Try it
An exact copy of the entries is required, excluding any pictures.

(Beginning of Data to examine)

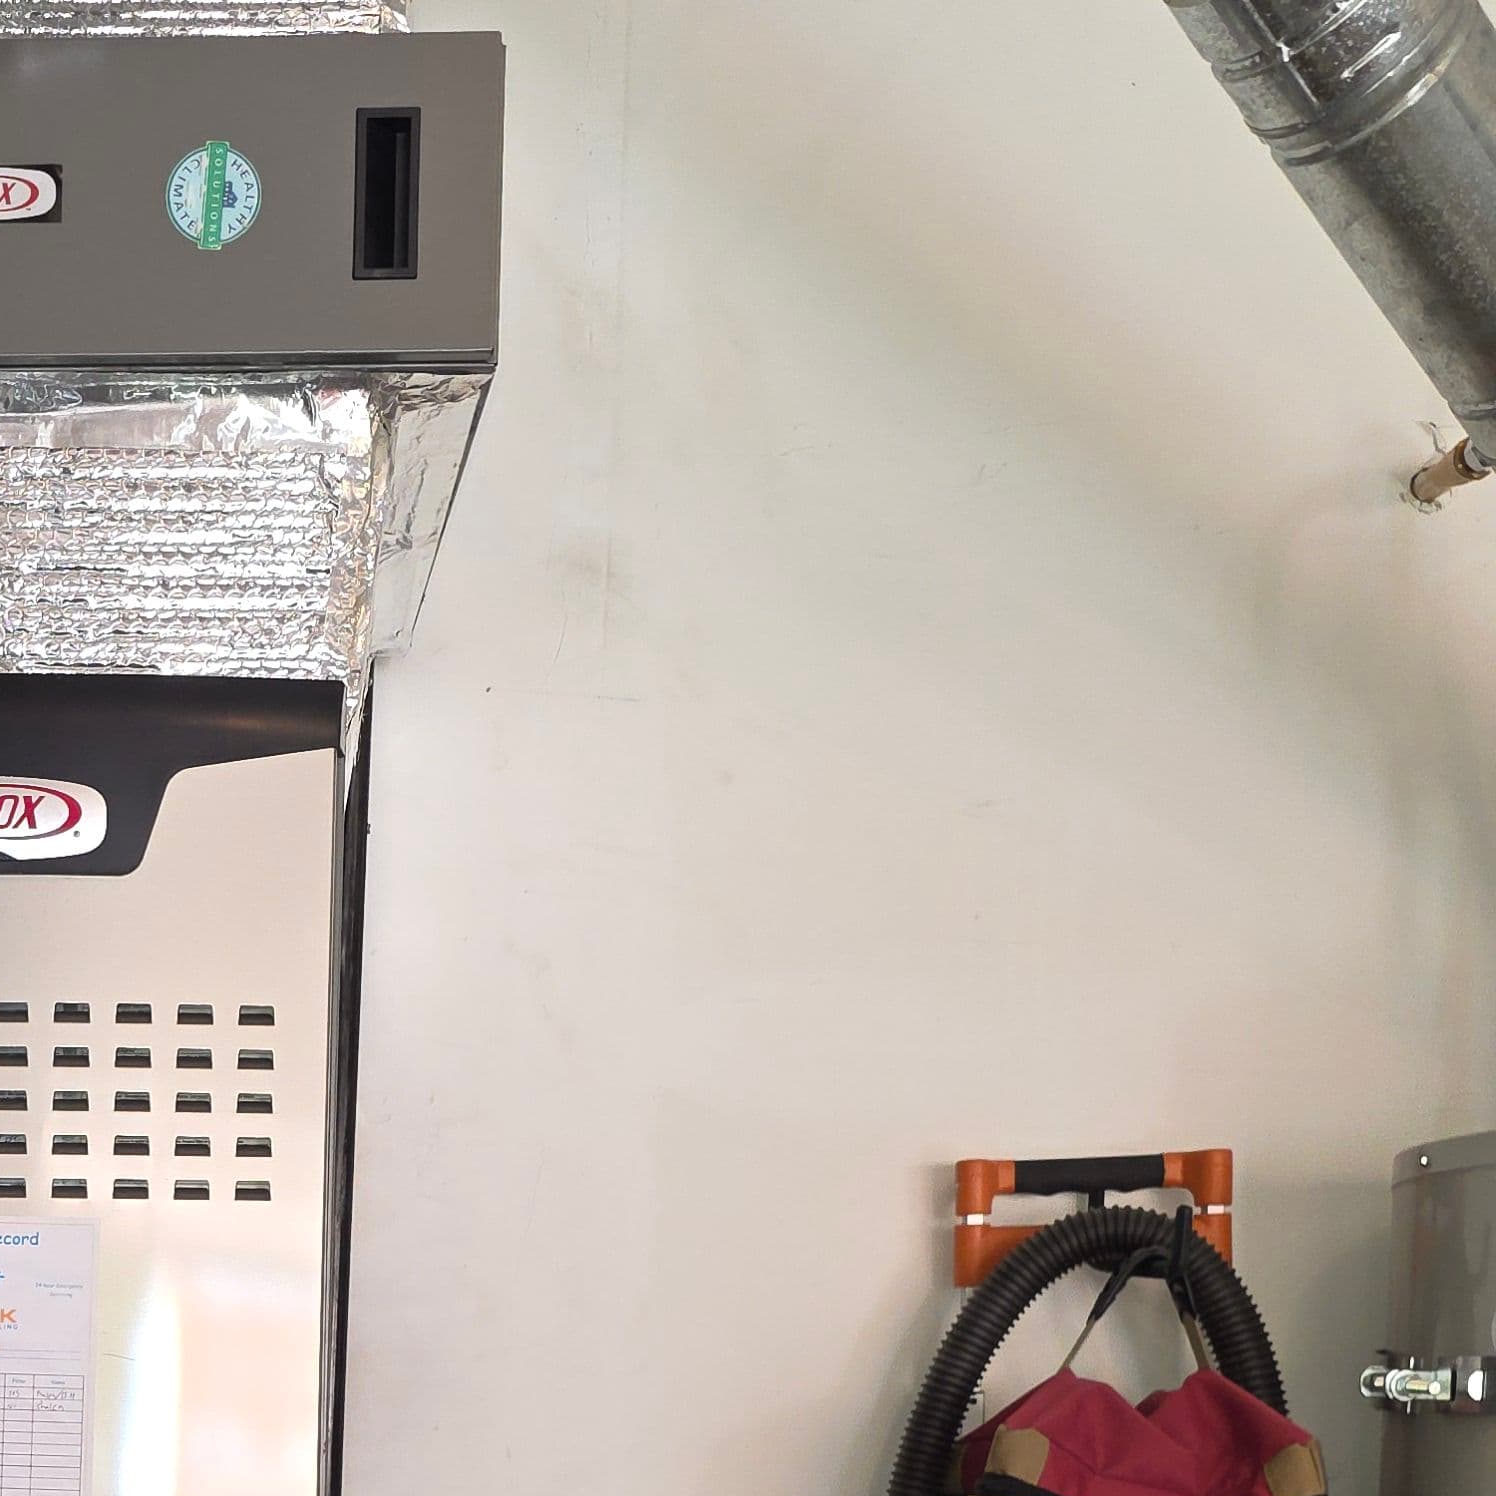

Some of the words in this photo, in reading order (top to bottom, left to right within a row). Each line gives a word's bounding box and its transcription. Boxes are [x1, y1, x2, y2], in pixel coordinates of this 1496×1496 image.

[172, 158, 202, 231] CLIMATE
[207, 147, 224, 242] SOLUTIONS
[230, 158, 255, 234] HEALTHY
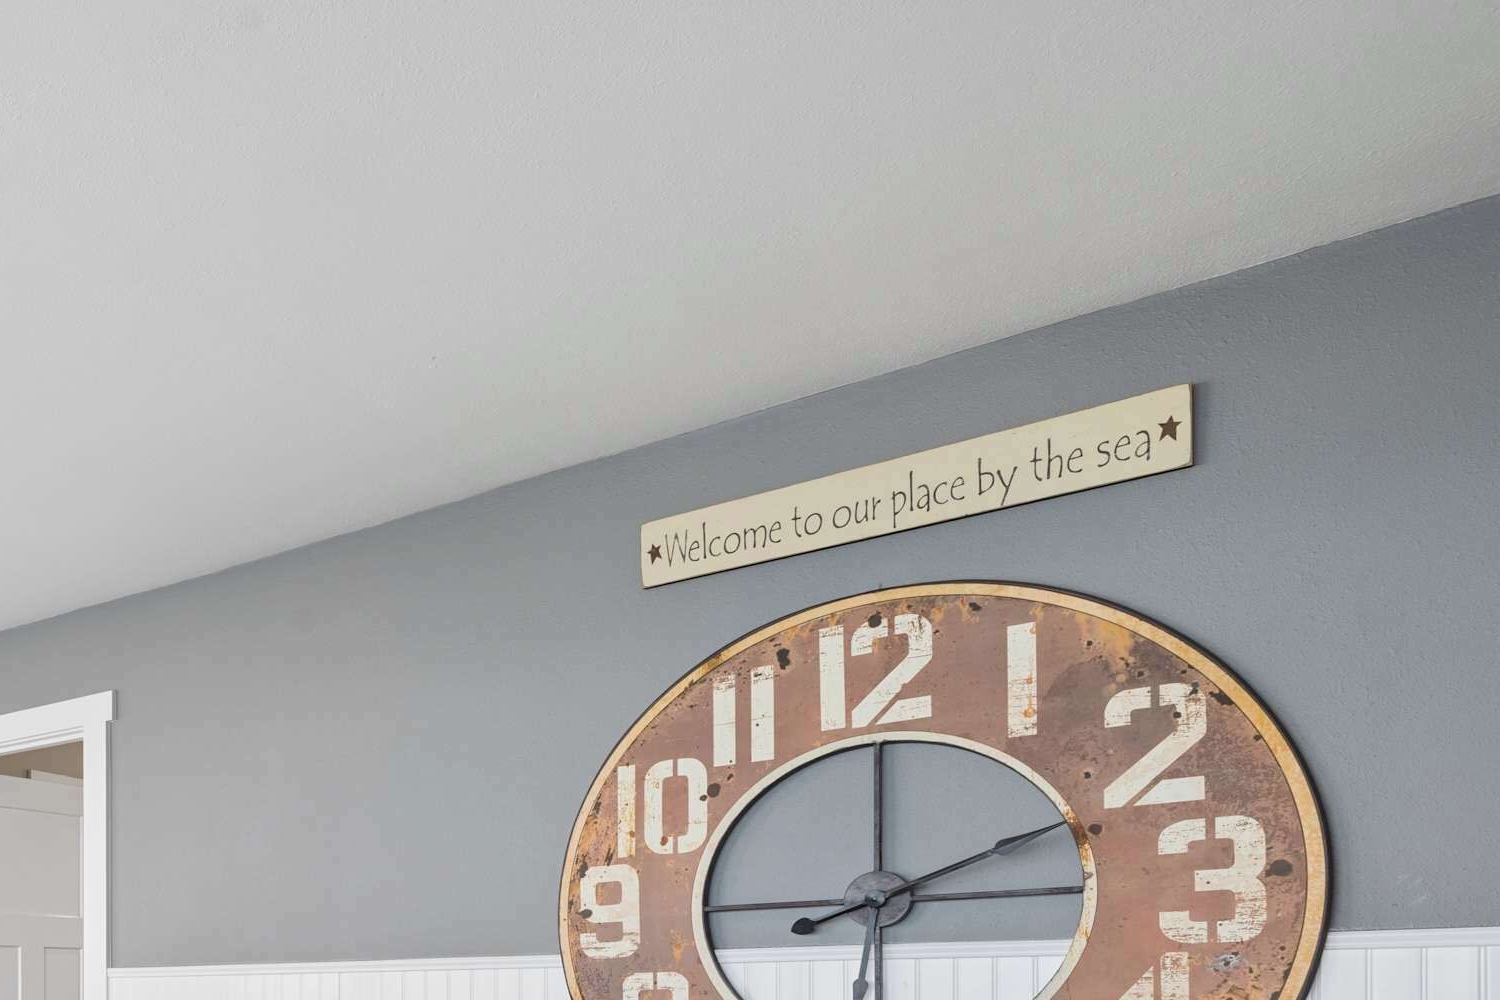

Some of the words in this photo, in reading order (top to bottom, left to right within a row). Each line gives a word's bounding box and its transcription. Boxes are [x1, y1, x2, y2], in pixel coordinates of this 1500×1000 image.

[663, 519, 782, 569] Welcome
[792, 505, 822, 539] to
[831, 496, 882, 530] our
[891, 470, 966, 530] place
[976, 456, 1021, 507] by
[1029, 437, 1084, 484] the
[1096, 428, 1153, 468] sea
[712, 664, 775, 768] 11
[819, 612, 933, 732] 12
[1006, 621, 1038, 738] 1
[1102, 681, 1208, 809] 2
[616, 756, 708, 859] 10
[579, 863, 641, 960] 9
[1156, 814, 1266, 945] 3
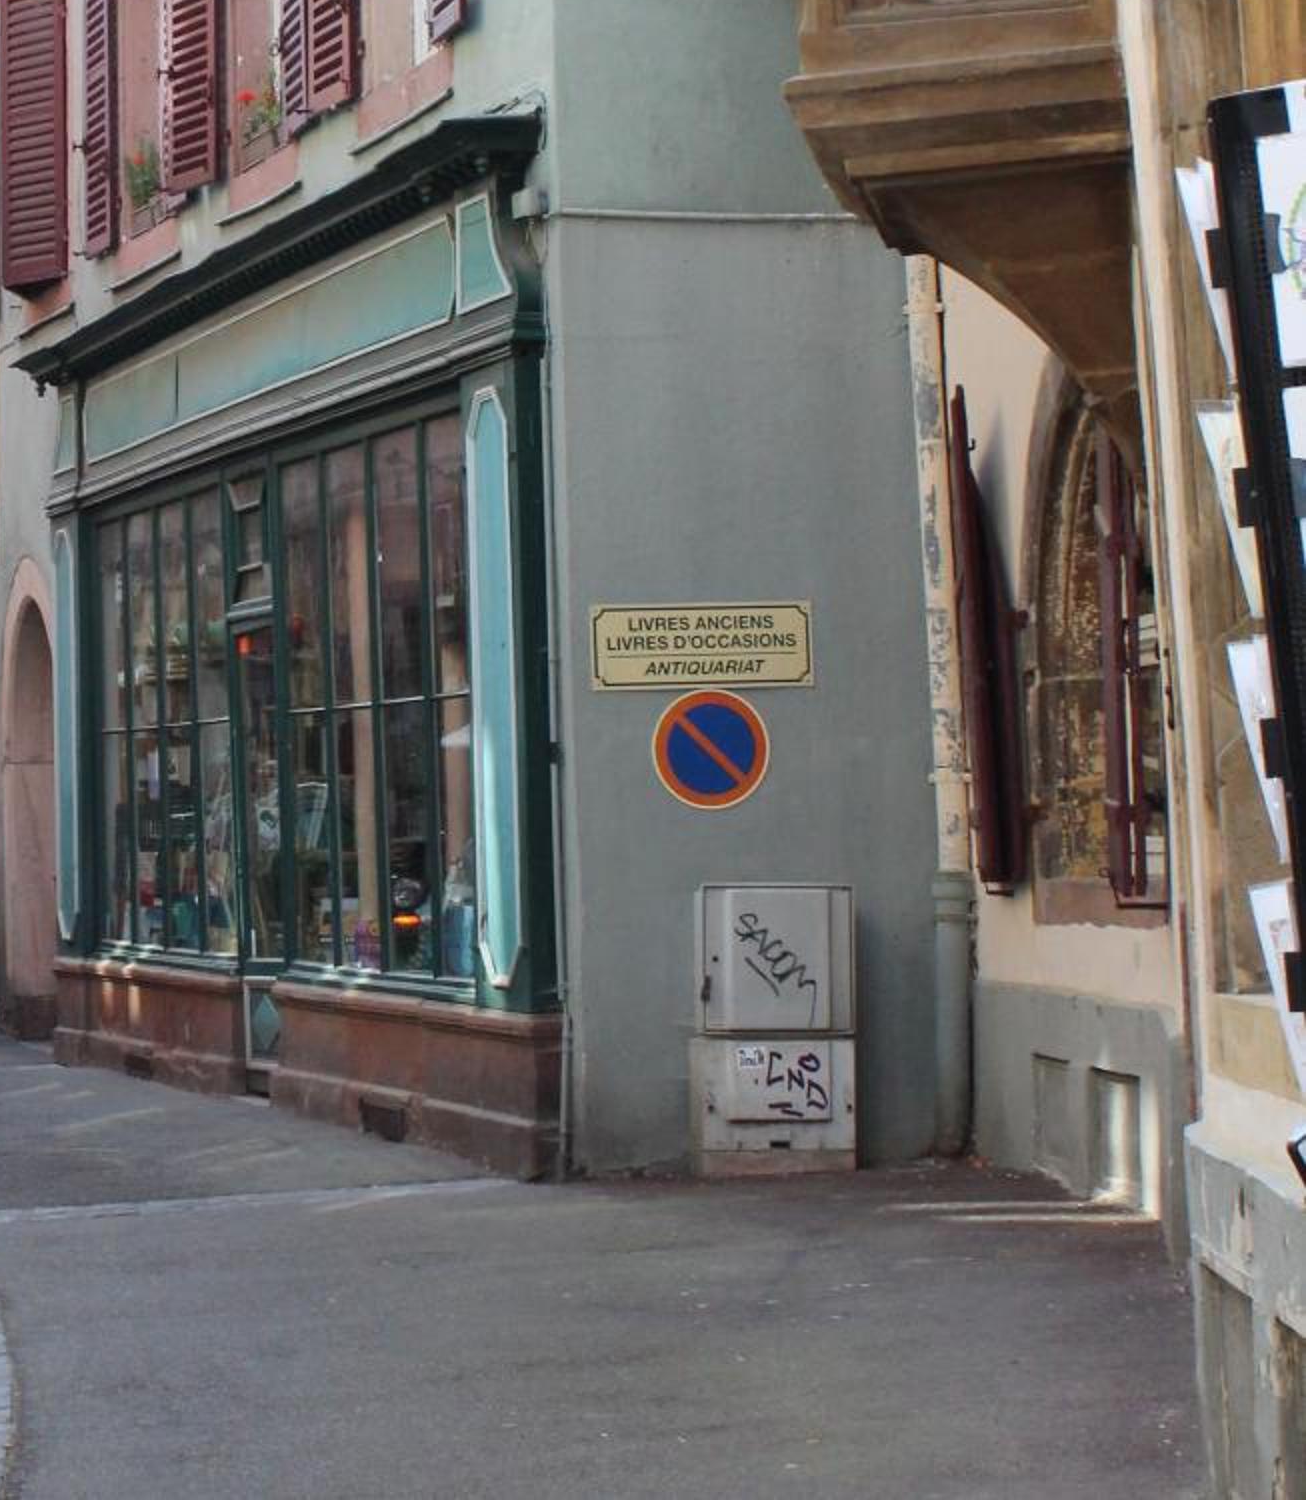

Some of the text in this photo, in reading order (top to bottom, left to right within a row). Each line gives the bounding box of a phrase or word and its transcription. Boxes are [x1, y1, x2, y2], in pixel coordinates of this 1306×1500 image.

(End of Data to examine)

Exercise response
Some of the words in this photo, in reading order (top to bottom, left to right within a row). Each line gives a word's bounding box and its transcription. Boxes are [x1, y1, x2, y2], in pixel coordinates of this 1496×1496 image.

[172, 158, 202, 231] CLIMATE
[207, 147, 224, 242] SOLUTIONS
[230, 158, 255, 234] HEALTHY

Some of the words in this photo, in reading order (top to bottom, left to right within a row). Each line gives a word's bounding box and its transcription. Boxes are [x1, y1, x2, y2], in pixel coordinates of this 1500×1000 image.

[663, 519, 782, 569] Welcome
[792, 505, 822, 539] to
[831, 496, 882, 530] our
[891, 470, 966, 530] place
[976, 456, 1021, 507] by
[1029, 437, 1084, 484] the
[1096, 428, 1153, 468] sea
[712, 664, 775, 768] 11
[819, 612, 933, 732] 12
[1006, 621, 1038, 738] 1
[1102, 681, 1208, 809] 2
[616, 756, 708, 859] 10
[579, 863, 641, 960] 9
[1156, 814, 1266, 945] 3

Some of the text in this photo, in reading order (top to bottom, left to right within a row). Each line gives the bounding box of a phrase or word and its transcription. Boxes are [x1, y1, x2, y2], in pixel coordinates of this 1306×1500 image.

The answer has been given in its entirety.